◆ EXERCISE REQUIREMENTS
Output the records below in full, word for word; pictures do not belong in it.

◆ DATA IN THIS EXERCISE
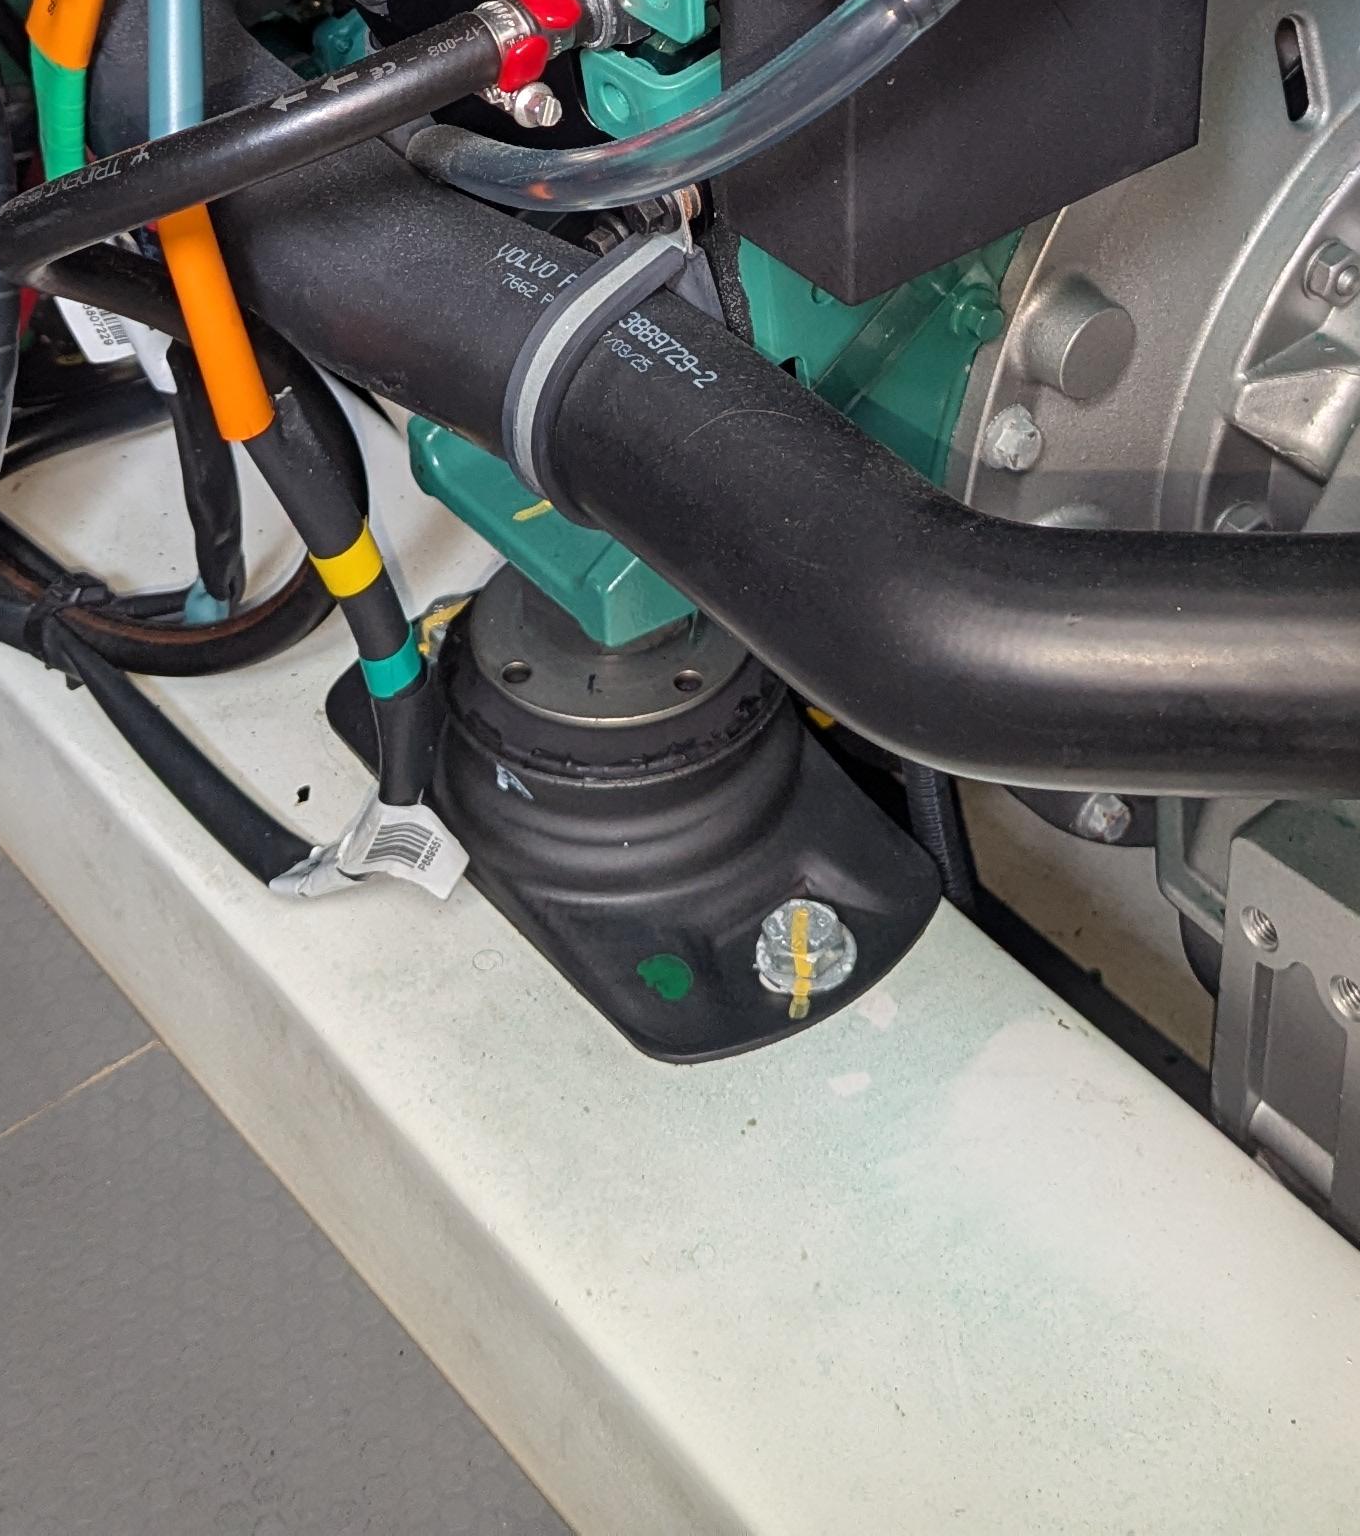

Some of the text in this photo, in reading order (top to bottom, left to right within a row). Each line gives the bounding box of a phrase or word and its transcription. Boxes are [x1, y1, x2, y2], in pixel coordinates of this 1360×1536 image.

[44, 159, 122, 198] TRIDENT
[495, 242, 559, 279] VOLVO
[501, 272, 539, 299] 7662
[618, 311, 718, 390] 3889729-2
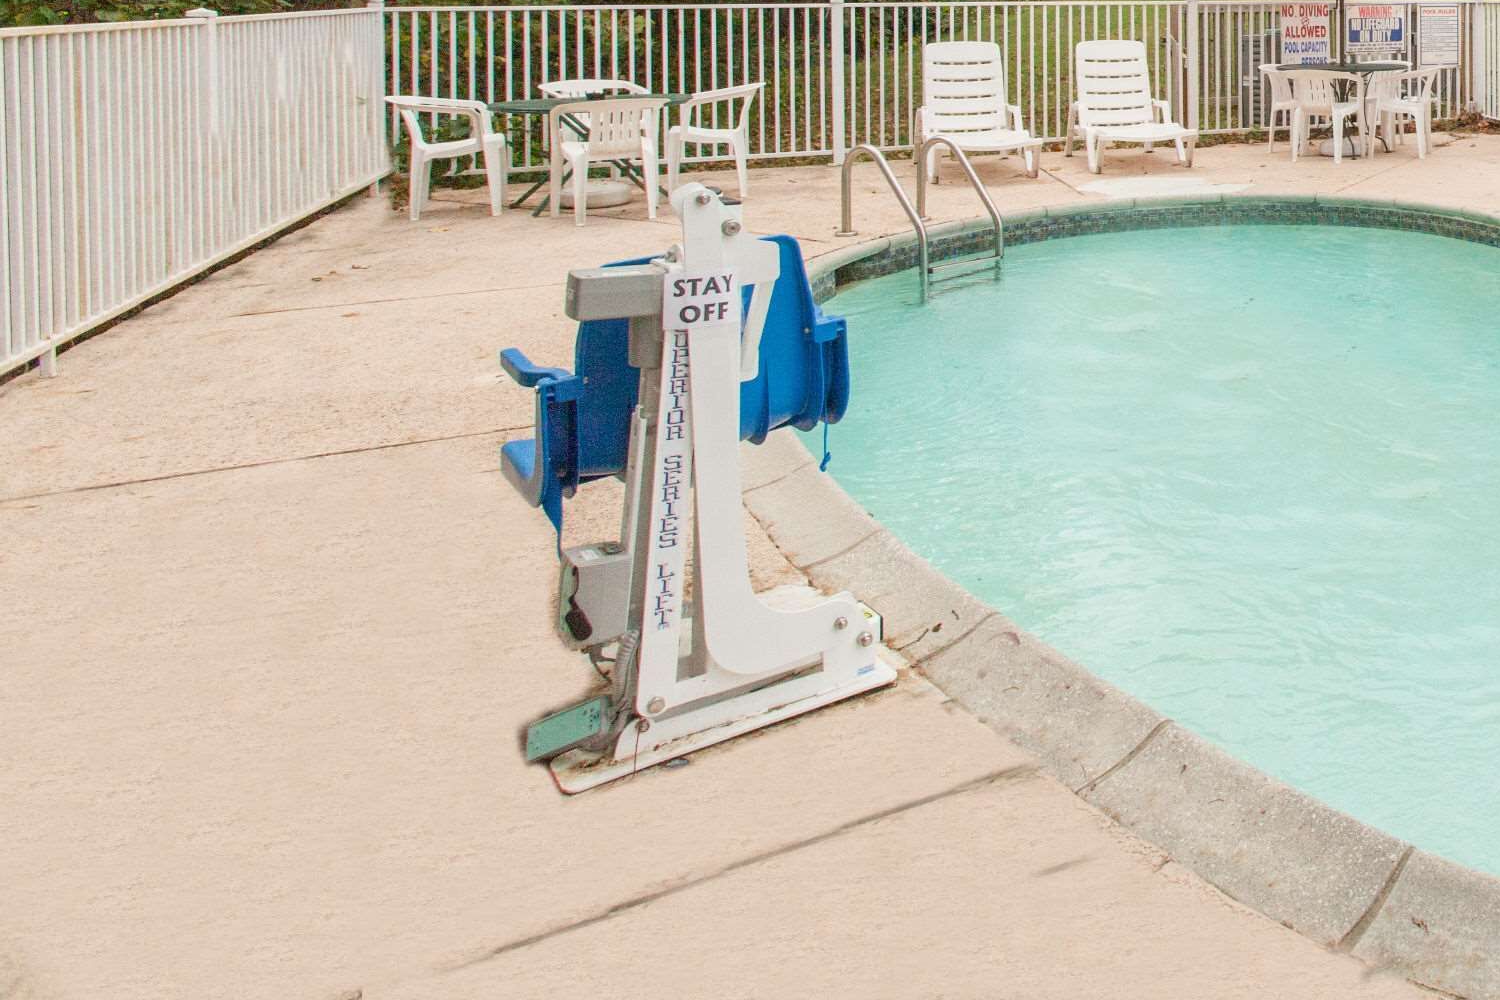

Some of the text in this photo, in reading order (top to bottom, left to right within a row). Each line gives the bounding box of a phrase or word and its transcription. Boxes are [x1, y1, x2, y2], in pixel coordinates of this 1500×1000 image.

[1281, 4, 1328, 17] NO DIVING
[1359, 6, 1392, 18] WARNING
[1351, 18, 1400, 30] NO LIFEGUARD
[1285, 25, 1327, 38] ALLOWED
[1360, 30, 1392, 42] ON DUTY
[1284, 41, 1327, 53] POOL CAPACITY
[673, 274, 733, 297] STAY
[679, 302, 728, 323] OFF
[654, 329, 689, 630] UPERIOR SERIES LIFT

◆ WRITTEN REPLY
Some of the text in this photo, in reading order (top to bottom, left to right within a row). Each line gives the bounding box of a phrase or word and its transcription. Boxes are [x1, y1, x2, y2], in pixel coordinates of this 1360×1536 image.

[44, 159, 122, 198] TRIDENT
[495, 242, 559, 279] VOLVO
[501, 272, 539, 299] 7662
[618, 311, 718, 390] 3889729-2

Some of the text in this photo, in reading order (top to bottom, left to right within a row). Each line gives the bounding box of a phrase or word and its transcription. Boxes are [x1, y1, x2, y2], in pixel coordinates of this 1500×1000 image.

[1281, 4, 1328, 17] NO DIVING
[1359, 6, 1392, 18] WARNING
[1351, 18, 1400, 30] NO LIFEGUARD
[1285, 25, 1327, 38] ALLOWED
[1360, 30, 1392, 42] ON DUTY
[1284, 41, 1327, 53] POOL CAPACITY
[673, 274, 733, 297] STAY
[679, 302, 728, 323] OFF
[654, 329, 689, 630] UPERIOR SERIES LIFT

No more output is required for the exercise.